Data listing
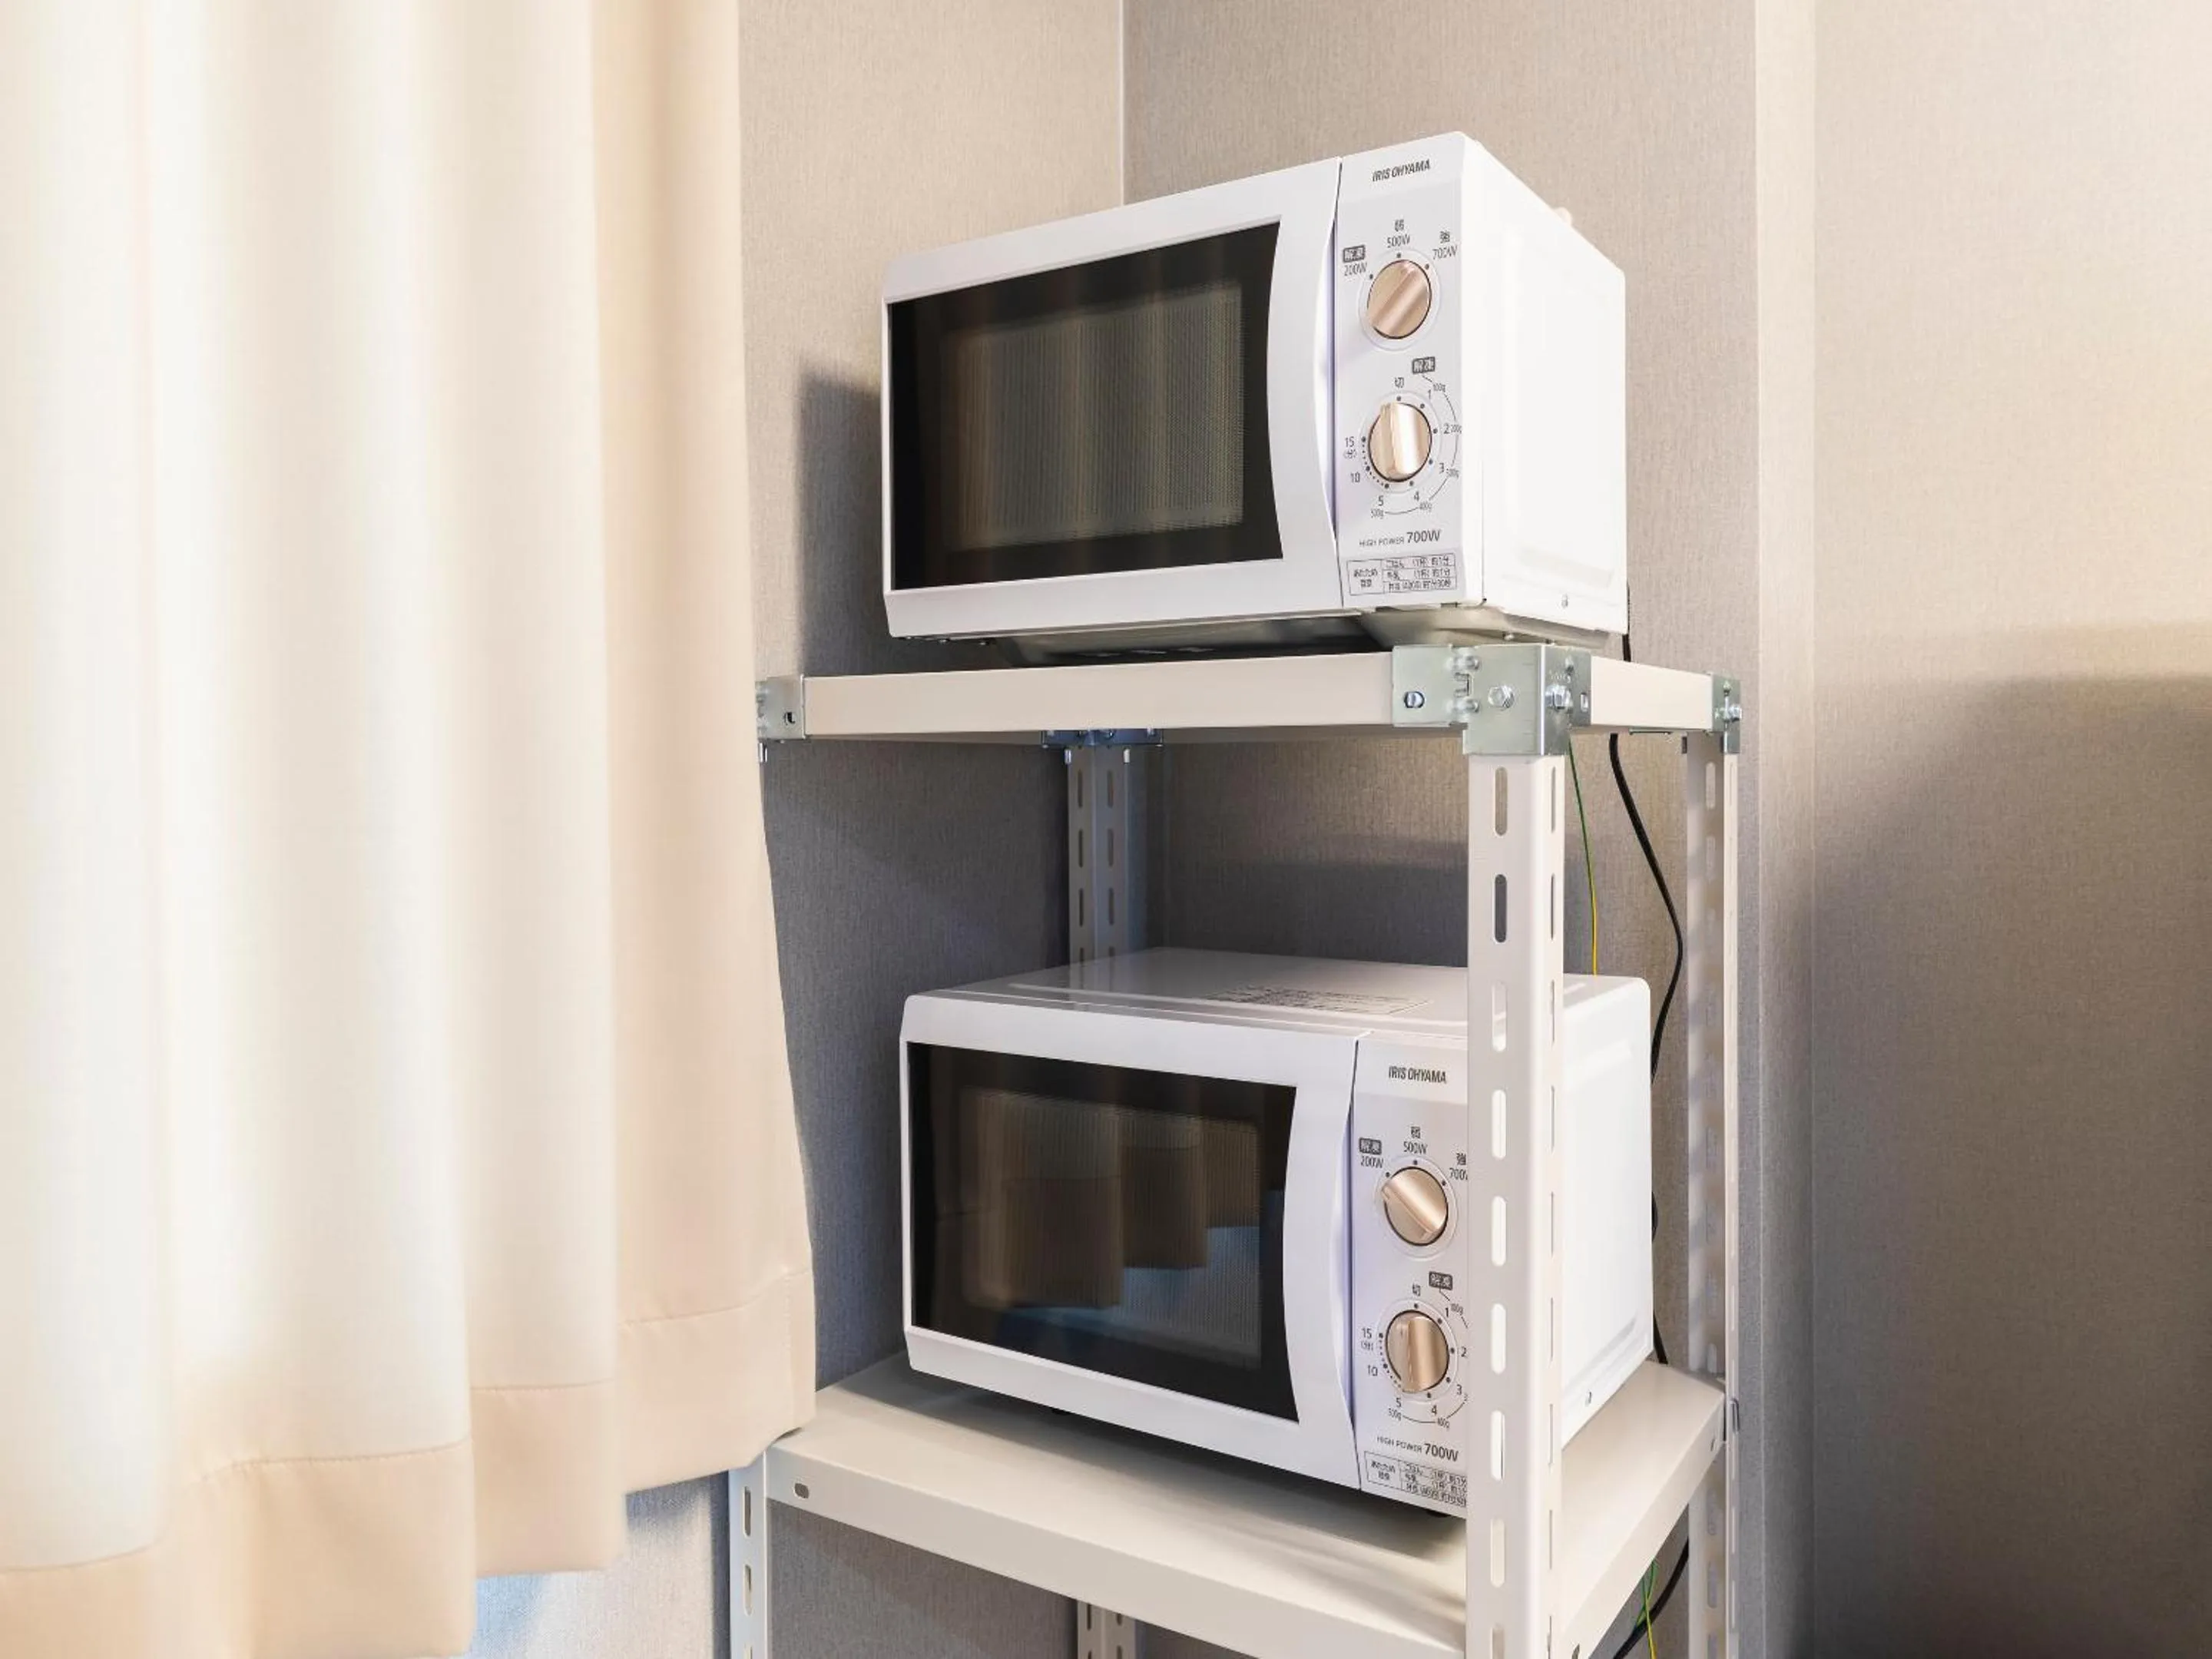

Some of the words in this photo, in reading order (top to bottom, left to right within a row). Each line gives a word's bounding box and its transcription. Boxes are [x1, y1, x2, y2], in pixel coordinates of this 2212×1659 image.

[1372, 167, 1390, 182] IRIS
[1392, 159, 1432, 178] OHYAMA
[1387, 234, 1410, 248] 500W
[1432, 246, 1458, 260] 700W
[1344, 262, 1367, 276] 200W
[1443, 422, 1449, 434] 2
[1345, 436, 1355, 448] 15
[1439, 462, 1444, 474] 3
[1350, 472, 1360, 483] 10
[1378, 495, 1384, 506] 5
[1413, 491, 1419, 502] 4
[1378, 536, 1405, 546] POWER
[1406, 528, 1441, 543] 700W
[1389, 1066, 1406, 1080] IRIS
[1408, 1068, 1447, 1084] OHYAMA
[1403, 1141, 1428, 1154] 500W
[1361, 1156, 1383, 1168] 200W
[1449, 1167, 1468, 1181] 700
[1362, 1328, 1372, 1339] 15
[1461, 1346, 1467, 1357] 2
[1368, 1365, 1378, 1376] 10
[1456, 1384, 1462, 1396] 3
[1396, 1397, 1402, 1408] 5
[1431, 1405, 1437, 1416] 4
[1377, 1436, 1394, 1446] HIGH
[1396, 1440, 1422, 1453] POWER
[1424, 1443, 1459, 1462] 700W
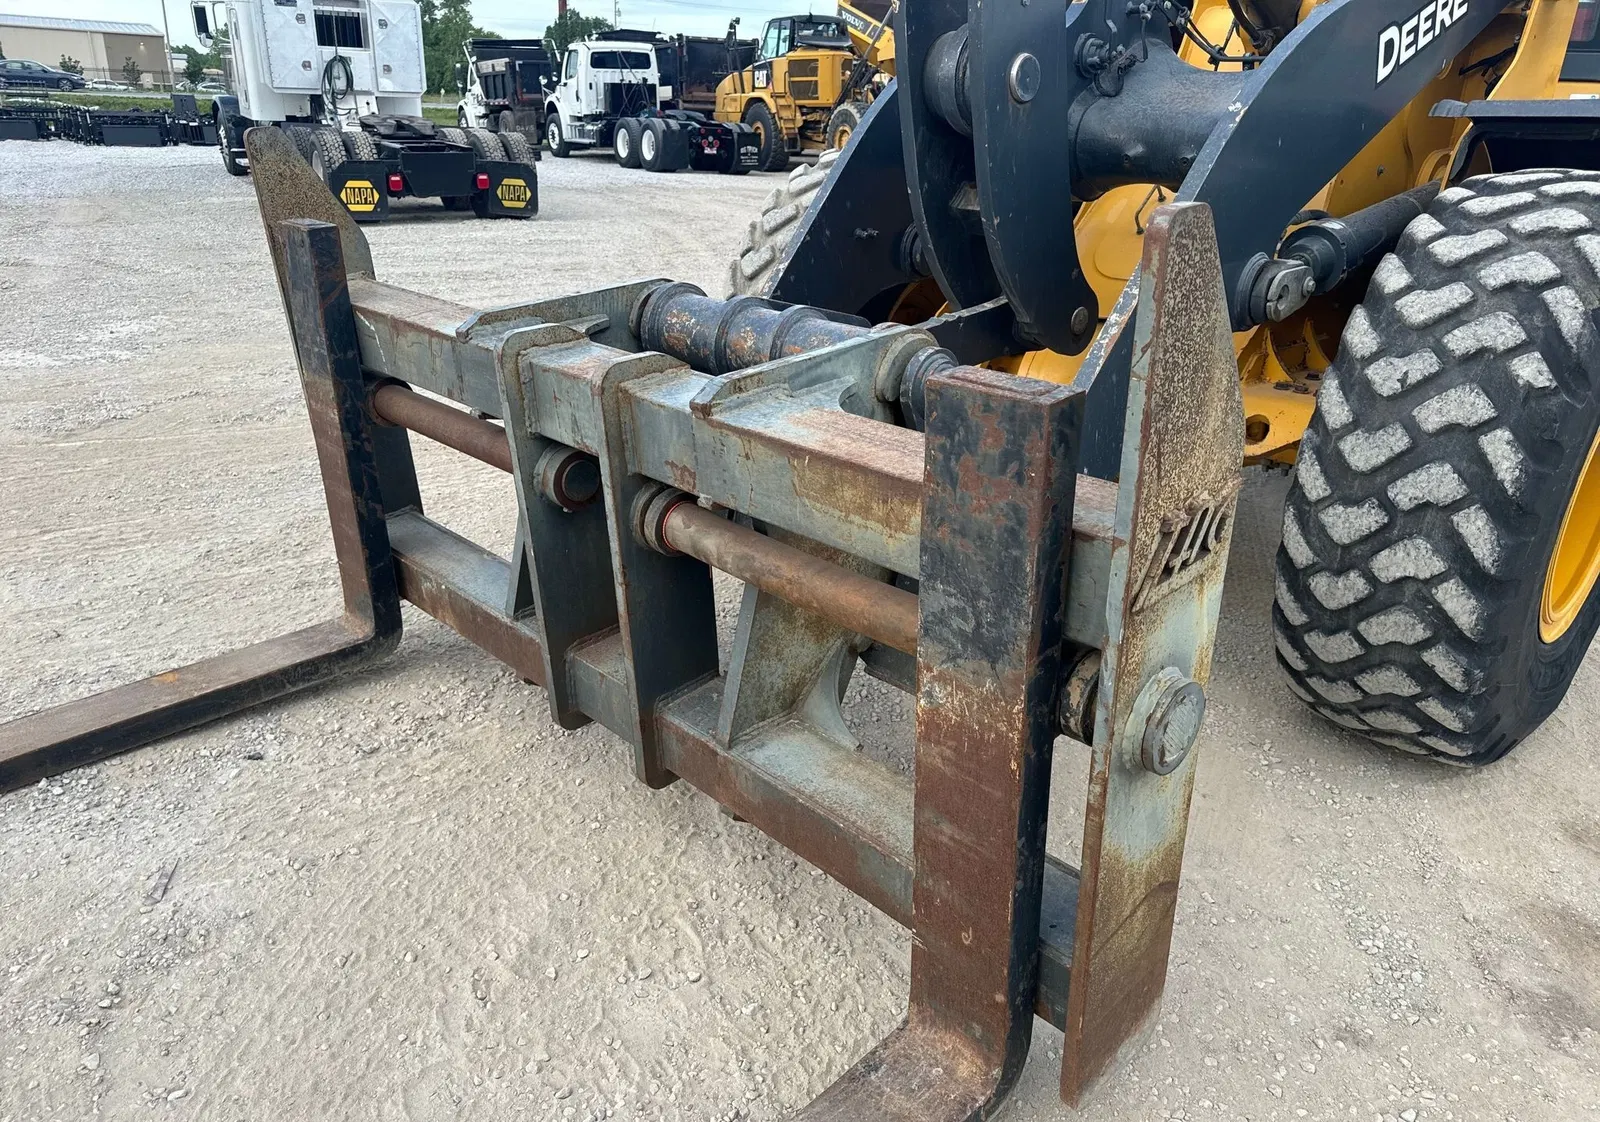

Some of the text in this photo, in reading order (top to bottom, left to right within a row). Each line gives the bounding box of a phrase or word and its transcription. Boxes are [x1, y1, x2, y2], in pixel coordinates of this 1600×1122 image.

What you need to do
Excluding all images, transcribe the material word for word.

Completed task
Some of the words in this photo, in reading order (top to bottom, left to right within a row). Each line gives a word's bounding box and its transcription. Boxes are [x1, y1, x2, y2], in pixel coordinates of this 2212×1659 image.

[1372, 167, 1390, 182] IRIS
[1392, 159, 1432, 178] OHYAMA
[1387, 234, 1410, 248] 500W
[1432, 246, 1458, 260] 700W
[1344, 262, 1367, 276] 200W
[1443, 422, 1449, 434] 2
[1345, 436, 1355, 448] 15
[1439, 462, 1444, 474] 3
[1350, 472, 1360, 483] 10
[1378, 495, 1384, 506] 5
[1413, 491, 1419, 502] 4
[1378, 536, 1405, 546] POWER
[1406, 528, 1441, 543] 700W
[1389, 1066, 1406, 1080] IRIS
[1408, 1068, 1447, 1084] OHYAMA
[1403, 1141, 1428, 1154] 500W
[1361, 1156, 1383, 1168] 200W
[1449, 1167, 1468, 1181] 700
[1362, 1328, 1372, 1339] 15
[1461, 1346, 1467, 1357] 2
[1368, 1365, 1378, 1376] 10
[1456, 1384, 1462, 1396] 3
[1396, 1397, 1402, 1408] 5
[1431, 1405, 1437, 1416] 4
[1377, 1436, 1394, 1446] HIGH
[1396, 1440, 1422, 1453] POWER
[1424, 1443, 1459, 1462] 700W

Some of the text in this photo, in reading order (top to bottom, left to right within a row). Each line gives the bounding box of a phrase or word and its transcription. Boxes are [x1, y1, x2, y2], in pixel coordinates of this 1600×1122 image.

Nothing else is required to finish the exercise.